Di kota Labuan Bajo, Manggarai Barat, misalnya, kebanyakan para sopir bemo ini adalah anak-anak muda. Selain muda, mereka juga punya jiwa seni yang tinggi. Itu terlihat dari penampakan bemo yang telah mereka modifikasi dengan baik.
Ada sebuah kebiasaan, setiba sore hari bemo-bemo ini sengaja di parkir berjejeran di sepanjang bibir pantai. Ihwal, bila menjelang malam sejumlah sopir bemo dalam kota Labuan ini nggak narik penumpang lagi.
Sambil menikmati matahari tenggelam, dentuman bass musik R&B seakan menambah hangatnya susana senja. Belum lagi, jika ditemani sebotol tuak. Aduh mama sayang e sedapnya bukan kepalang ow!.
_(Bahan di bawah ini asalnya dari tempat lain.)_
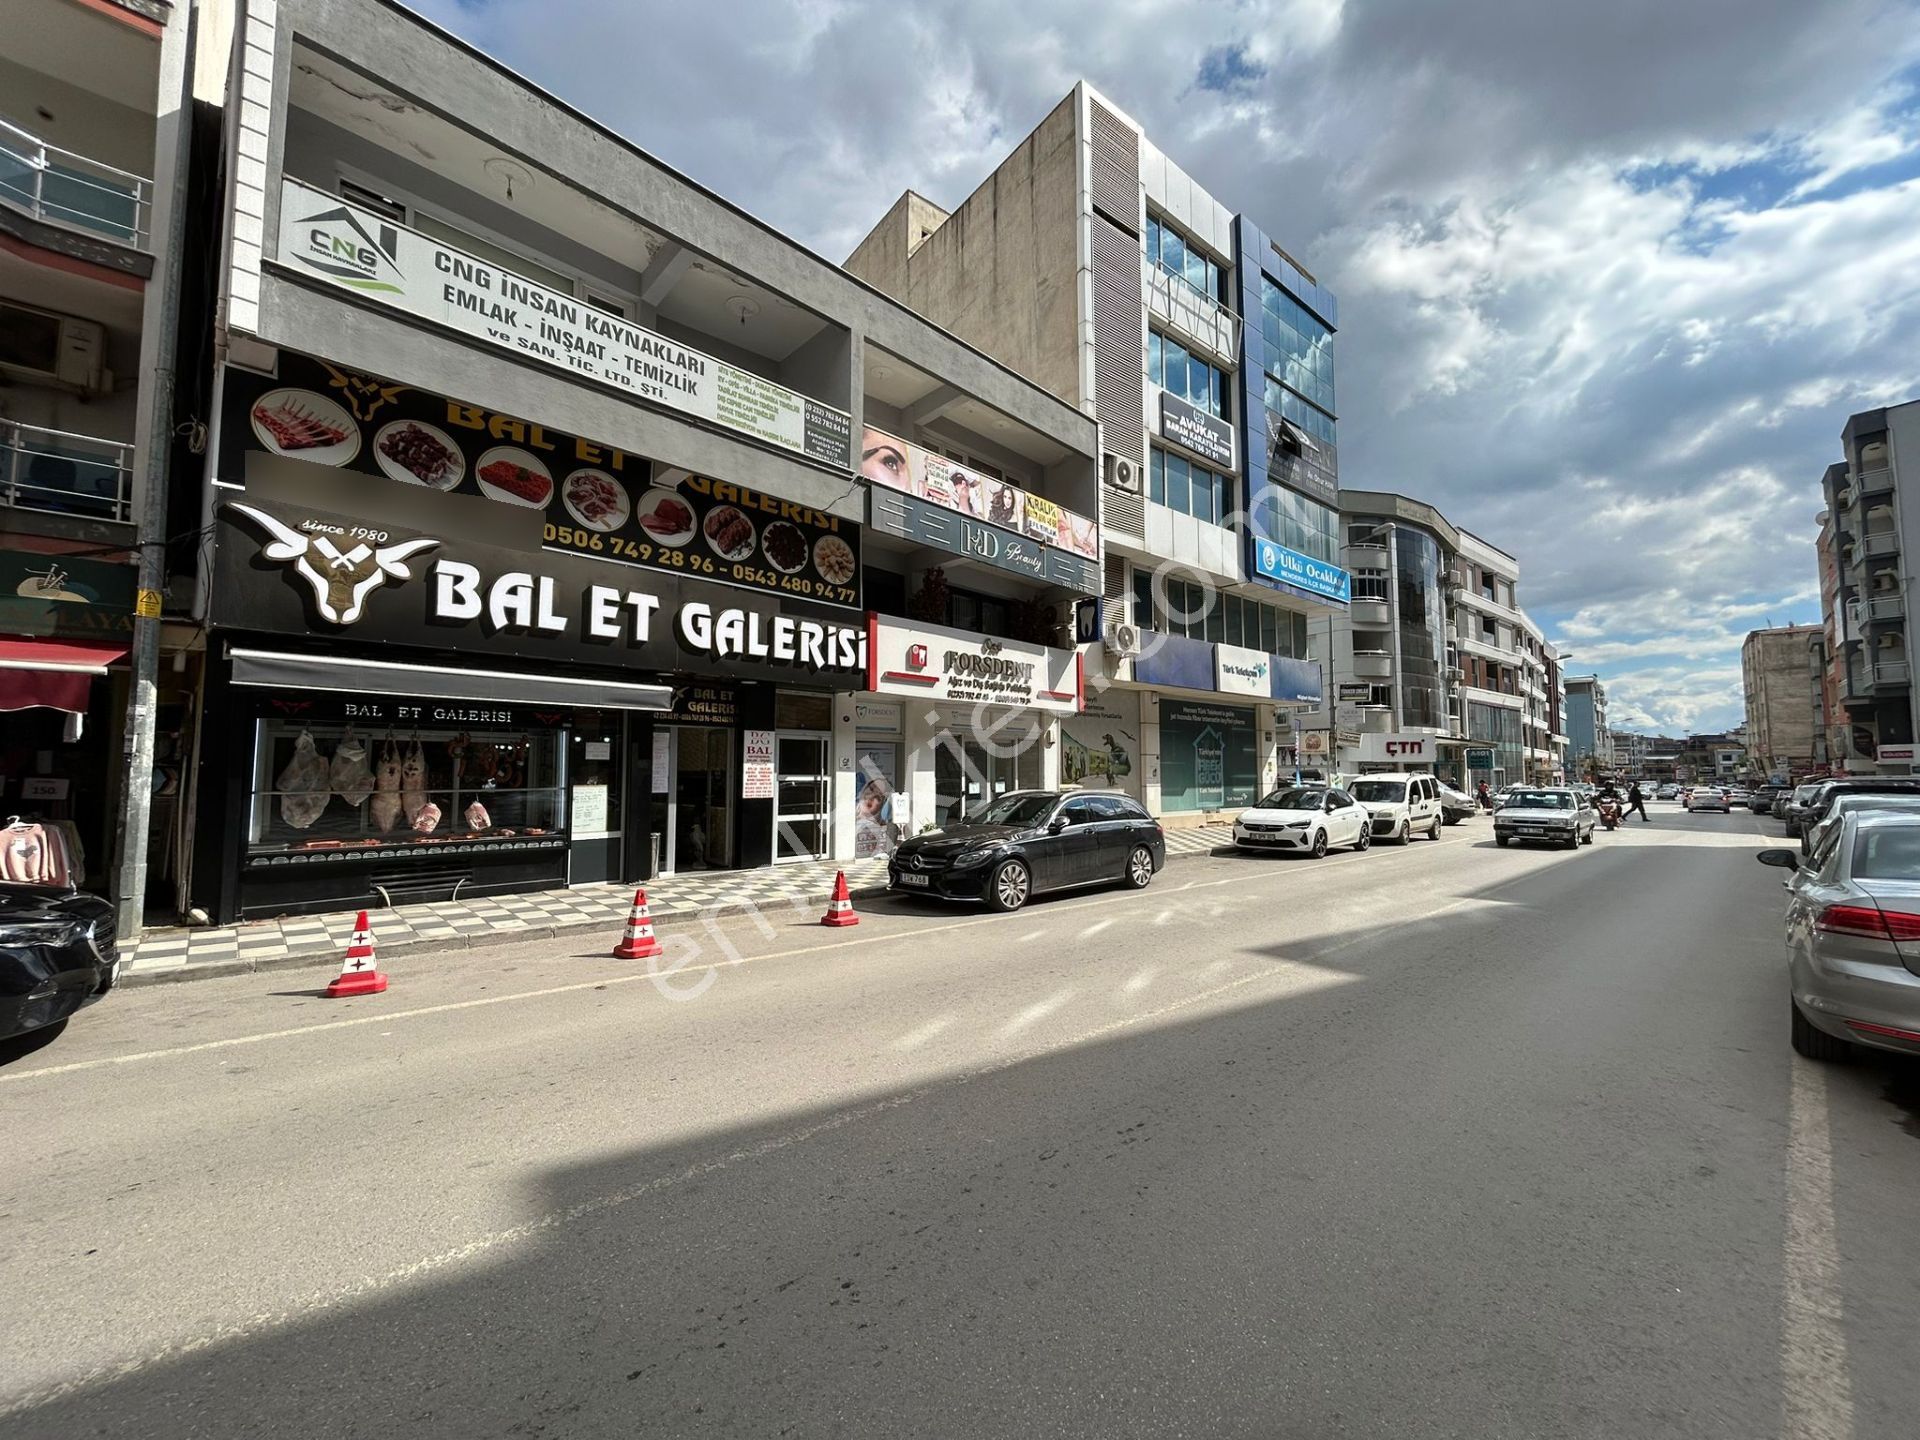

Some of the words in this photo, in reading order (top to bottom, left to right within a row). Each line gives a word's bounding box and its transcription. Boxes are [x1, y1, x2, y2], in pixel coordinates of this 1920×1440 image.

[311, 229, 377, 267] CNG
[434, 251, 491, 290] CNG
[501, 273, 577, 324] İNSAN
[585, 313, 705, 376] KAYNAKLARI
[443, 284, 518, 327] EMLAK
[539, 318, 606, 361] İNŞAAT
[624, 355, 698, 396] TEMİZLİK
[486, 327, 511, 342] ve
[604, 368, 635, 388] LTD.
[446, 402, 556, 451] BAL
[1179, 416, 1220, 442] AVUKAT
[302, 519, 345, 535] since
[349, 526, 388, 542] 1980
[543, 523, 603, 551] 0506
[610, 536, 652, 561] 749
[657, 549, 685, 567] 28
[689, 554, 714, 573] 96
[732, 564, 778, 587] 0543
[781, 576, 812, 594] 480
[815, 582, 834, 599] 94
[837, 586, 856, 603] 77
[1005, 541, 1042, 573] Beauty
[434, 558, 568, 631] BAL
[590, 584, 660, 643] ET
[947, 650, 1035, 682] FORSDENT
[1222, 664, 1235, 674] Türk
[687, 701, 736, 715] GALERİS
[694, 688, 717, 700] BAL
[720, 690, 735, 701] ET
[346, 704, 382, 717] BAL
[398, 706, 421, 718] ET
[746, 746, 773, 755] BAL
Ketiga, bemo-bemo di Flores juga sangat memperhatikan soal kebersihan. Siapa sih yang nggak mau naik bemo bagus dan nyaman untuk ditumpangi? Nah, berkesadaran pada hal itu, sejumlah sopir bemo di Flores sangat menomorsatukan kebersihan. Tentu saja, ini menjadi daya pikat tersendiri bagi penumpang.
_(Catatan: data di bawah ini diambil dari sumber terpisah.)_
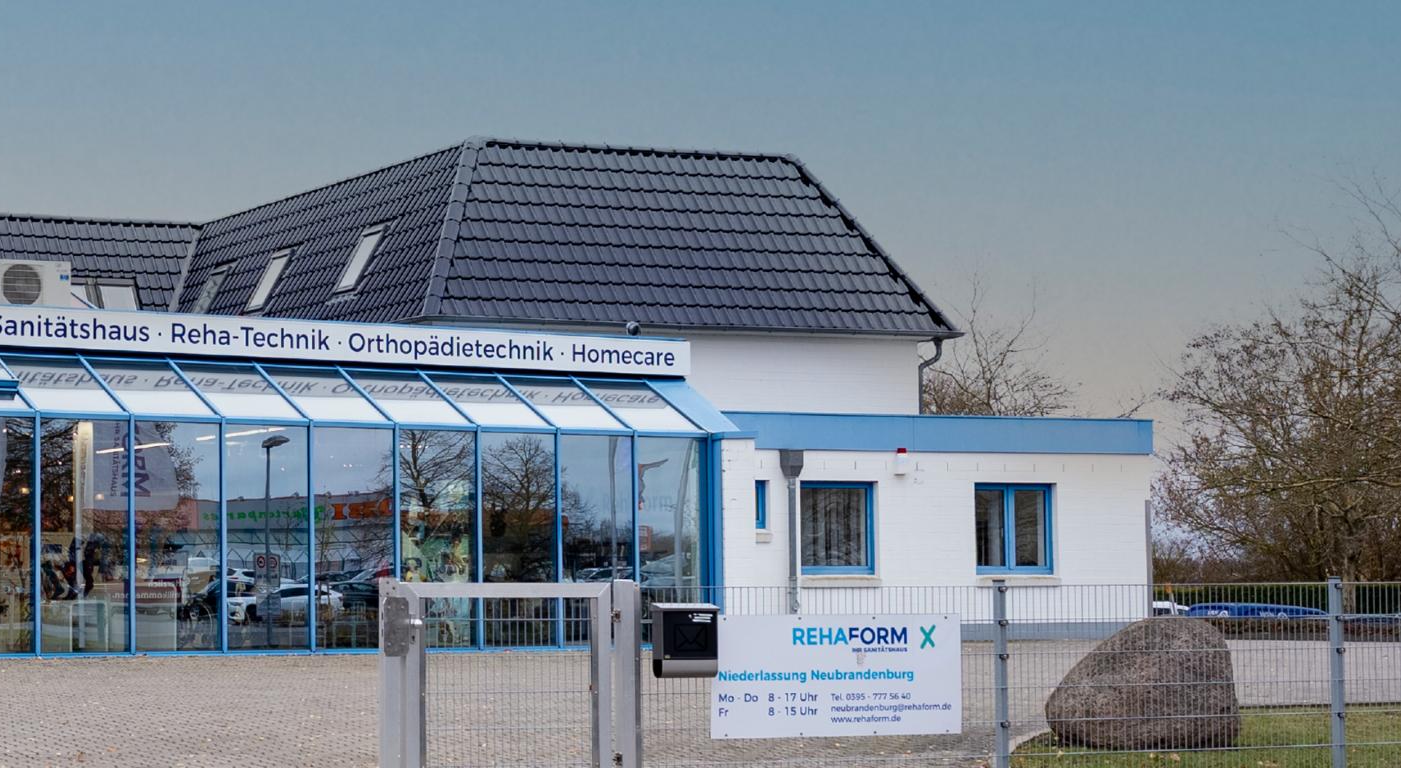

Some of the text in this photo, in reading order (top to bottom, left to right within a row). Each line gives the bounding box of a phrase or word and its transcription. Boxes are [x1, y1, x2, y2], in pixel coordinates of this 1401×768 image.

[171, 322, 331, 351] Reha-Technik
[349, 332, 554, 361] Orthopädietechnik
[572, 343, 675, 366] Homecare
[792, 626, 908, 646] REHAFORM
[718, 668, 914, 683] Niederlassung Neubrandenburg
[718, 693, 735, 703] Mo
[744, 692, 759, 702] Do
[768, 693, 775, 702] 8
[785, 692, 797, 702] 17
[800, 692, 818, 702] Uhr
[845, 692, 866, 701] 0395
[872, 692, 888, 700] 777
[889, 692, 900, 700] 56
[901, 692, 912, 700] 40
[718, 707, 729, 717] Fr
[768, 707, 775, 717] 8
[785, 706, 797, 716] 15
[800, 706, 818, 716] Uhr
[830, 702, 952, 713] neubrandenburg@rehaform.de
[830, 714, 902, 724] www.rehaform.de
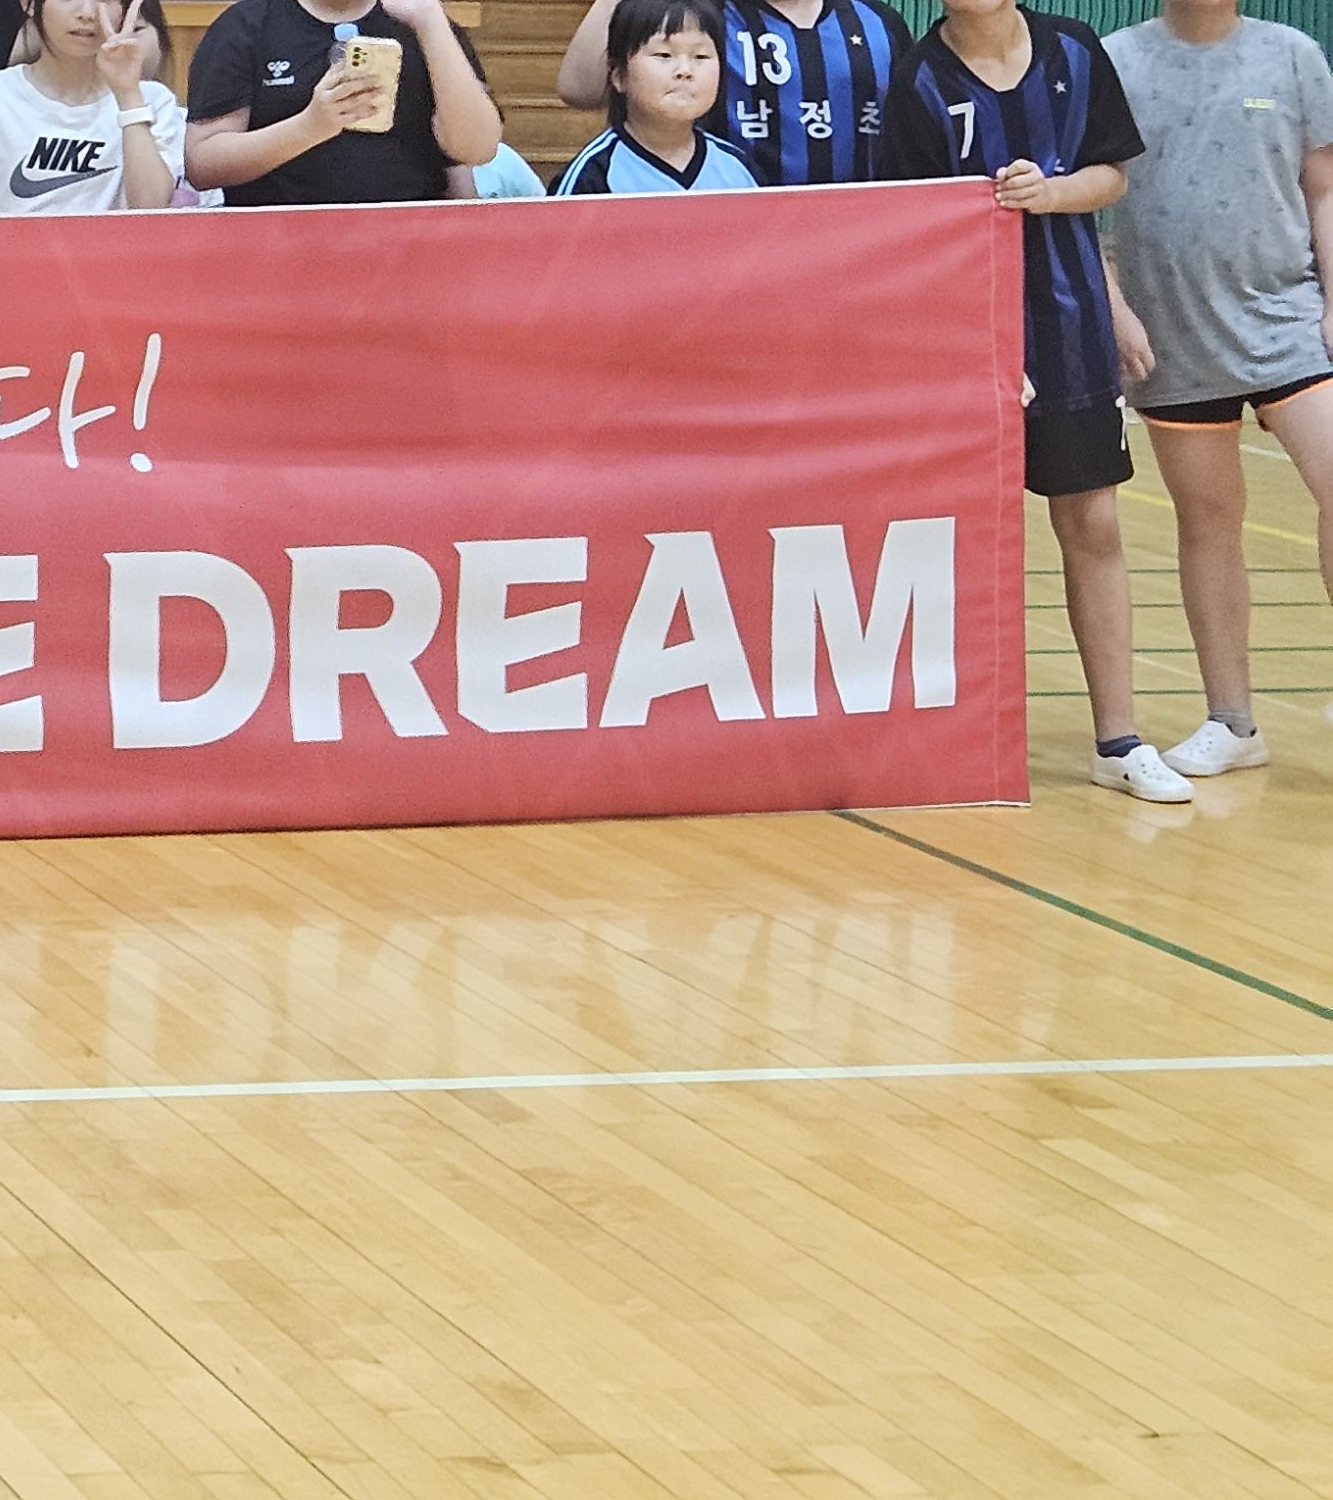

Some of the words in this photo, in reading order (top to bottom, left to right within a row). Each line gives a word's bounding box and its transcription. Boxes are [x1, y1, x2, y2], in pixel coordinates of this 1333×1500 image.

[736, 31, 792, 86] 13
[736, 99, 882, 140] 남정초
[948, 101, 976, 160] 7
[26, 136, 107, 173] NIKE
[103, 516, 957, 751] DREAM
Apalagi sekarang ini banyak wisatawan dari luar negeri yang menyambang ke Labuan Bajo (baca: pintu masuk utama ke Pulau Flores). Di mana sehari-harinya mereka juga menggunakan jasa bemo untuk pergi ke suatu tempat.
Jadi, kebersihan dalam hal ini amatlah penting dan tidak boleh dipandang sepele.
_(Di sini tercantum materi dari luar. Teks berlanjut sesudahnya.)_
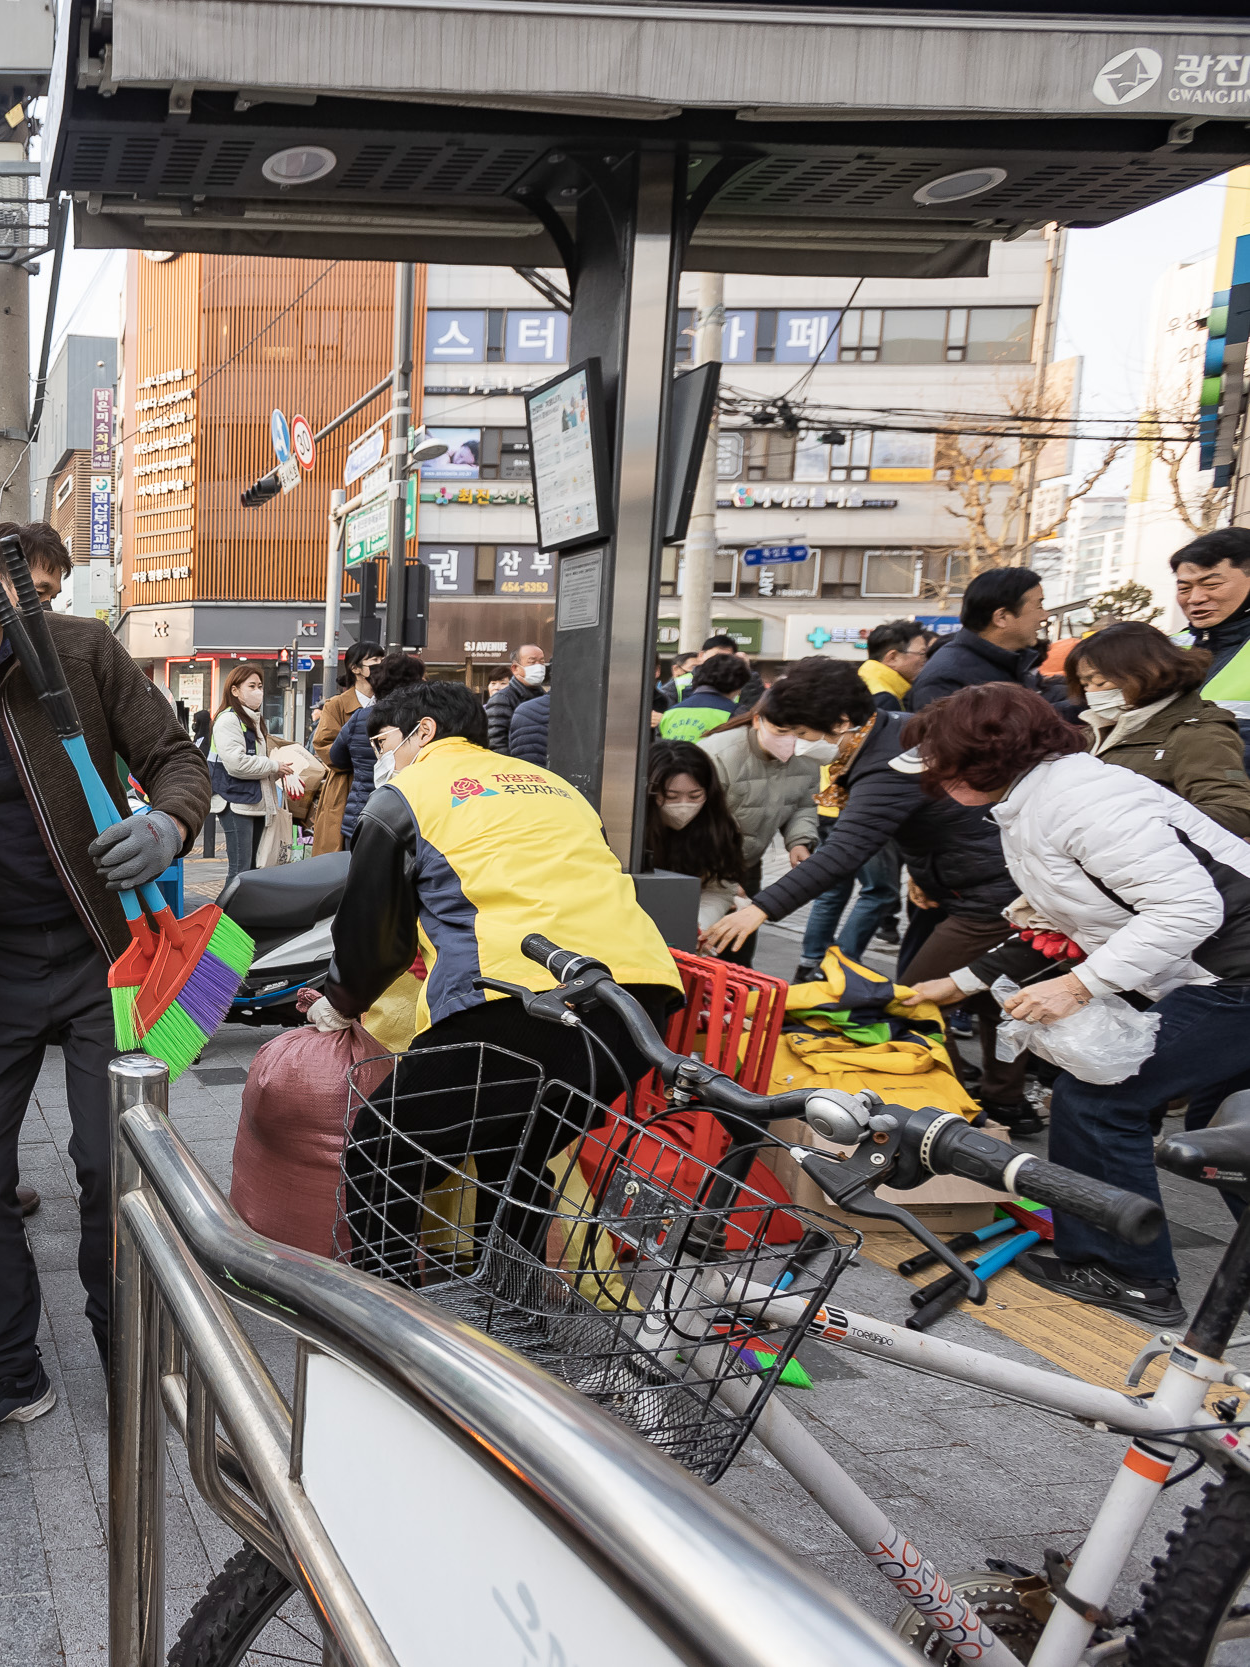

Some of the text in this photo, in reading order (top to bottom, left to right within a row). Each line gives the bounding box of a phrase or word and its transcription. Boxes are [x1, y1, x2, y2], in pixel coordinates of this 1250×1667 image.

Keempat, nama-nama bemo di Flores amat variatif. Ada yang namanya comot dari judul lagu, marga keluarga, istilah gaul, dan lain sebagainya. Hal ini sangat berbeda dengan nama-nama angkot yang saya temui di Malang, Jawa Timur, maupun di Jogja yang nama dan warnanya hampir mirip.
Ya, begitulah. Setiap daerah mempunyai keunikan masing-masing.
Kelima, interior bemo yang unik. Selain bunyi musik yang menggelegar, tak kuranya bemo di Flores juga dipercantik dengan sejumlah interior yang dipajang pada kaca hingga dashboard mobil.